EXERCISE MATERIAL:
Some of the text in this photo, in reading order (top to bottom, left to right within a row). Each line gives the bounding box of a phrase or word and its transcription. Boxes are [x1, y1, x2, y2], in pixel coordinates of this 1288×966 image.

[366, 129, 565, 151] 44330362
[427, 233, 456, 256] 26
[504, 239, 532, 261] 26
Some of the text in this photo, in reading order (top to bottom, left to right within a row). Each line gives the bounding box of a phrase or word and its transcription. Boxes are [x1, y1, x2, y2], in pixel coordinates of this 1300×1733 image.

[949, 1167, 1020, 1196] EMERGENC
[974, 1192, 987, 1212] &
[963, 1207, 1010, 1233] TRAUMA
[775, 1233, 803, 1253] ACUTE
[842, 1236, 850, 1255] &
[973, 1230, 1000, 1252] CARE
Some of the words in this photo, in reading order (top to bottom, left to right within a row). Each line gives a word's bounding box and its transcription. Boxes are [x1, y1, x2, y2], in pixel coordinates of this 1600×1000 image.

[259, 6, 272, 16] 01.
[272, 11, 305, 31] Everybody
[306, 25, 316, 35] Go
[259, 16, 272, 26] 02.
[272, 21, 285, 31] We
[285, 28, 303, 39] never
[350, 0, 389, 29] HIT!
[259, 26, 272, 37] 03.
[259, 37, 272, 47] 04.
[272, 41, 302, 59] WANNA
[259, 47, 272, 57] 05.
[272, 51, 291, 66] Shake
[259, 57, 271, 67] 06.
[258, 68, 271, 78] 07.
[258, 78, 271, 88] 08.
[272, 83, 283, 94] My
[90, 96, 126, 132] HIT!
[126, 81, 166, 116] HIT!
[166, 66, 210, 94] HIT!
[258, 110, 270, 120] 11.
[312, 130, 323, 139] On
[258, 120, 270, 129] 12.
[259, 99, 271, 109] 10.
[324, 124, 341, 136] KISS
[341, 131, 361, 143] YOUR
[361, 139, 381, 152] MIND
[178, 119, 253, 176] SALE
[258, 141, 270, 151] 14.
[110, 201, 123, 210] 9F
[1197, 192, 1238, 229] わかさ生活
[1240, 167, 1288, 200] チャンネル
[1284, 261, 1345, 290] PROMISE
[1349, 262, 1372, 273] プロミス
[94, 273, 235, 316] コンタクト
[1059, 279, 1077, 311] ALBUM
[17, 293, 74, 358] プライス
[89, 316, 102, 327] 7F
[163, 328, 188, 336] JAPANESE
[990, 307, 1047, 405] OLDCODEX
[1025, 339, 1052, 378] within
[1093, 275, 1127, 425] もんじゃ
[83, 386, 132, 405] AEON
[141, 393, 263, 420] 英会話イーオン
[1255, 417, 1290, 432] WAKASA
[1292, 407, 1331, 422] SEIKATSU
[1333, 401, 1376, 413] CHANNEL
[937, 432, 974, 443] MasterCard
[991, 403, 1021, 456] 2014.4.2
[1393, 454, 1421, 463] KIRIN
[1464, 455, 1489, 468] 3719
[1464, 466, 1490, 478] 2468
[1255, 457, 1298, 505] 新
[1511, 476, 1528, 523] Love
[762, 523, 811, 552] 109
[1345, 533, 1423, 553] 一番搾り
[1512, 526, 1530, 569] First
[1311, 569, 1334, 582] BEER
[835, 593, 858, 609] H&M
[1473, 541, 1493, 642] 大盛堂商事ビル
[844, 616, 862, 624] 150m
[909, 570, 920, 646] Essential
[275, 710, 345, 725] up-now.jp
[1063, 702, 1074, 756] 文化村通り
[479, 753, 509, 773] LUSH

WHAT IS NEEDED:
Write each record out again exactly.

OUTPUT FOR THIS TASK:
Some of the text in this photo, in reading order (top to bottom, left to right within a row). Each line gives the bounding box of a phrase or word and its transcription. Boxes are [x1, y1, x2, y2], in pixel coordinates of this 1288×966 image.

[366, 129, 565, 151] 44330362
[427, 233, 456, 256] 26
[504, 239, 532, 261] 26
Some of the text in this photo, in reading order (top to bottom, left to right within a row). Each line gives the bounding box of a phrase or word and its transcription. Boxes are [x1, y1, x2, y2], in pixel coordinates of this 1300×1733 image.

[949, 1167, 1020, 1196] EMERGENC
[974, 1192, 987, 1212] &
[963, 1207, 1010, 1233] TRAUMA
[775, 1233, 803, 1253] ACUTE
[842, 1236, 850, 1255] &
[973, 1230, 1000, 1252] CARE
Some of the words in this photo, in reading order (top to bottom, left to right within a row). Each line gives a word's bounding box and its transcription. Boxes are [x1, y1, x2, y2], in pixel coordinates of this 1600×1000 image.

[259, 6, 272, 16] 01.
[272, 11, 305, 31] Everybody
[306, 25, 316, 35] Go
[259, 16, 272, 26] 02.
[272, 21, 285, 31] We
[285, 28, 303, 39] never
[350, 0, 389, 29] HIT!
[259, 26, 272, 37] 03.
[259, 37, 272, 47] 04.
[272, 41, 302, 59] WANNA
[259, 47, 272, 57] 05.
[272, 51, 291, 66] Shake
[259, 57, 271, 67] 06.
[258, 68, 271, 78] 07.
[258, 78, 271, 88] 08.
[272, 83, 283, 94] My
[90, 96, 126, 132] HIT!
[126, 81, 166, 116] HIT!
[166, 66, 210, 94] HIT!
[258, 110, 270, 120] 11.
[312, 130, 323, 139] On
[258, 120, 270, 129] 12.
[259, 99, 271, 109] 10.
[324, 124, 341, 136] KISS
[341, 131, 361, 143] YOUR
[361, 139, 381, 152] MIND
[178, 119, 253, 176] SALE
[258, 141, 270, 151] 14.
[110, 201, 123, 210] 9F
[1197, 192, 1238, 229] わかさ生活
[1240, 167, 1288, 200] チャンネル
[1284, 261, 1345, 290] PROMISE
[1349, 262, 1372, 273] プロミス
[94, 273, 235, 316] コンタクト
[1059, 279, 1077, 311] ALBUM
[17, 293, 74, 358] プライス
[89, 316, 102, 327] 7F
[163, 328, 188, 336] JAPANESE
[990, 307, 1047, 405] OLDCODEX
[1025, 339, 1052, 378] within
[1093, 275, 1127, 425] もんじゃ
[83, 386, 132, 405] AEON
[141, 393, 263, 420] 英会話イーオン
[1255, 417, 1290, 432] WAKASA
[1292, 407, 1331, 422] SEIKATSU
[1333, 401, 1376, 413] CHANNEL
[937, 432, 974, 443] MasterCard
[991, 403, 1021, 456] 2014.4.2
[1393, 454, 1421, 463] KIRIN
[1464, 455, 1489, 468] 3719
[1464, 466, 1490, 478] 2468
[1255, 457, 1298, 505] 新
[1511, 476, 1528, 523] Love
[762, 523, 811, 552] 109
[1345, 533, 1423, 553] 一番搾り
[1512, 526, 1530, 569] First
[1311, 569, 1334, 582] BEER
[835, 593, 858, 609] H&M
[1473, 541, 1493, 642] 大盛堂商事ビル
[844, 616, 862, 624] 150m
[909, 570, 920, 646] Essential
[275, 710, 345, 725] up-now.jp
[1063, 702, 1074, 756] 文化村通り
[479, 753, 509, 773] LUSH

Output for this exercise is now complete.